After a time we felt safer, and I heard Kettricken let out her pent breath in a long, shaky sigh. “Thank you, Fitz,” she said simply, but could not keep her voice quite steady. I made no comment, half expecting that at any moment she would burst into weeping. I would not have blamed her. Instead she gradually gathered herself, tugging her clothes straight, wiping her blade on her pants and then resheathing it at her waist. She leaned forward to pat Softstep’s neck and murmur words of praise and comfort to the horse. I felt Softstep’s tension ease and admired Kettricken’s skill to have so swiftly gained the confidence of the tall horse.

“How came you here? Seeking me?” she asked at last.

I shook my head. Snow was beginning to fall again. “I was out hunting, and went farther than I had intended. It was but good fortune that brought me to you.” I paused, then ventured, “Did you get lost? Will there be riders searching for you?”

She sniffed, and took a breath. “Not exactly,” she said in a shaky voice. “I went out riding with Regal. A few others rode with us, but when the storm began to threaten, we all turned back to Buckkeep. The others rode on before us, but Regal and I came more slowly. He was telling me a folktale from his home Duchy, and we let the others ride ahead, that I should not have to hear it through their chatter.” She took a breath and I heard her swallow back the last of the night’s terror. Her voice was calmer when she went on.

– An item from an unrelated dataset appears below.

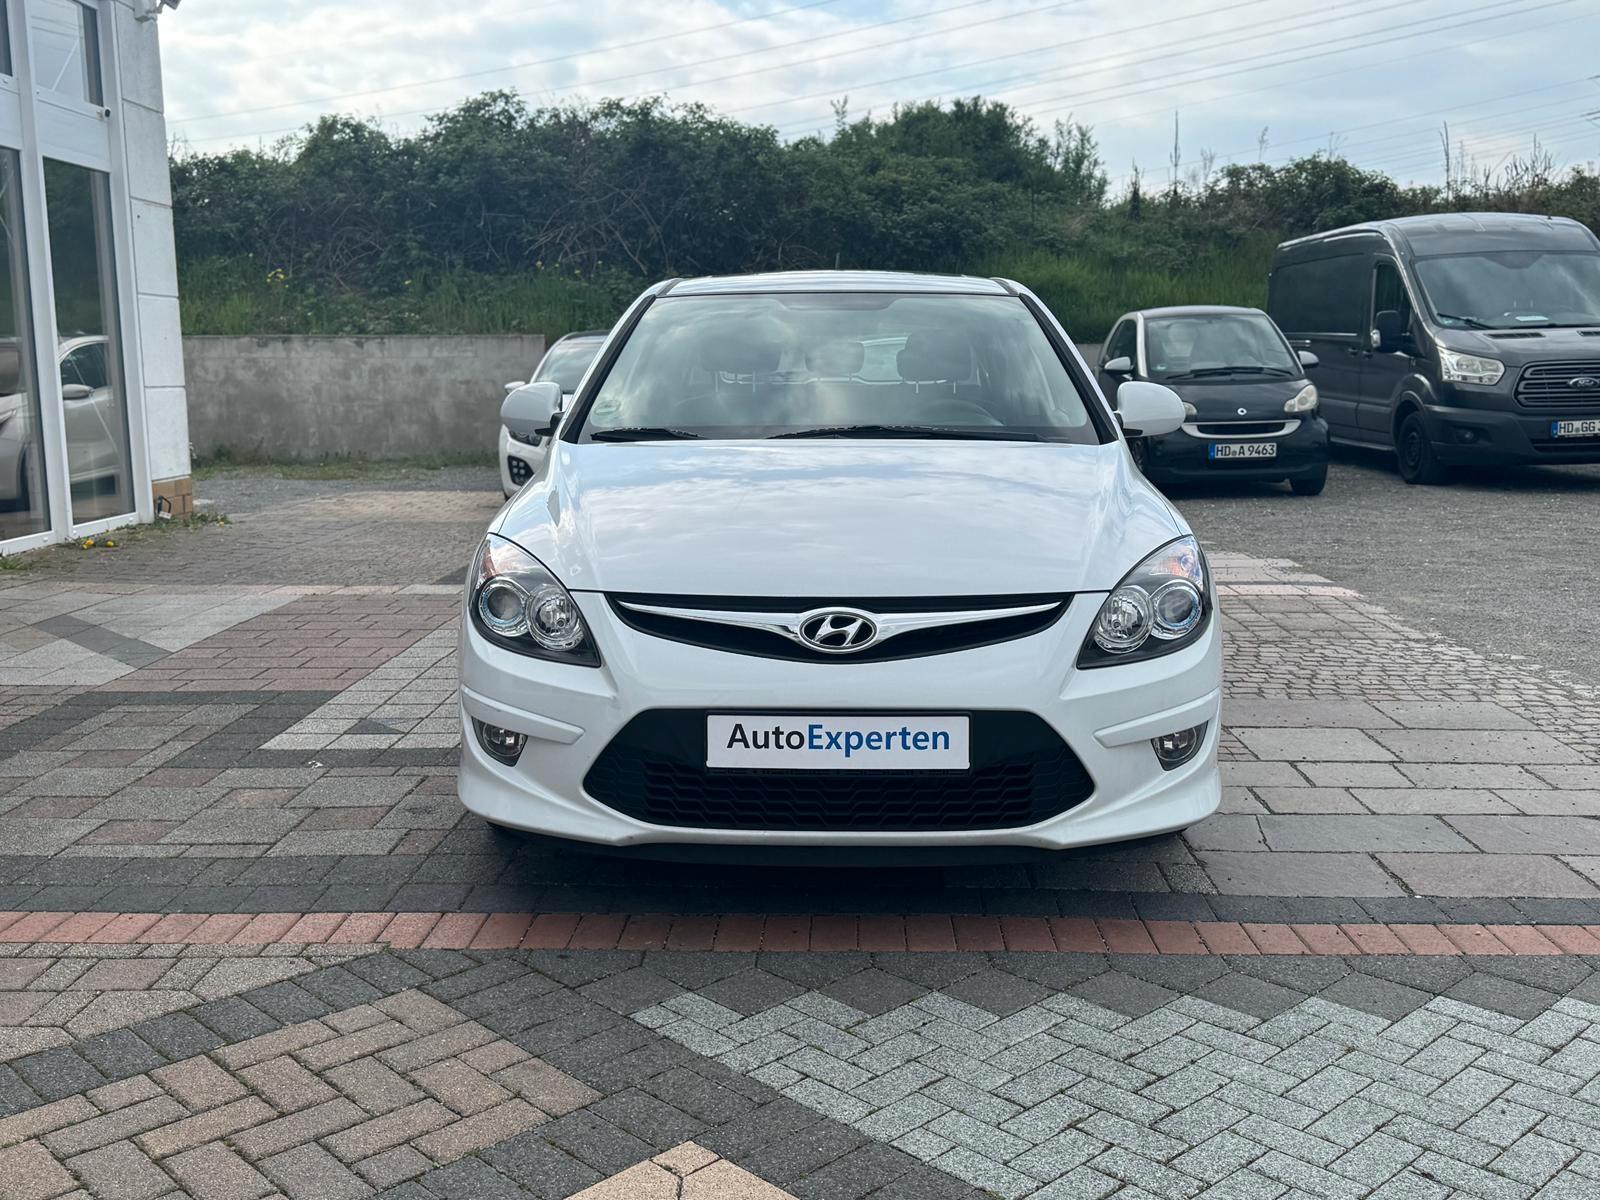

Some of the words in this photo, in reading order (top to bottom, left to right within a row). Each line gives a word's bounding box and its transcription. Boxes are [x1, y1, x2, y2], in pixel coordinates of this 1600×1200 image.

“The others were far ahead of us, when a fox started up suddenly from the brush by the path. ‘Follow me, if you’d like to see real sport!’ Regal challenged me, and he turned his horse from the path and set off after the animal. Whether I would or no, Softstep sprang after them. Regal rode like a mad thing, all stretched out on his horse, urging it on with a quirt.” There was consternation, and wonder, but also a stain of admiration in her voice as she described him.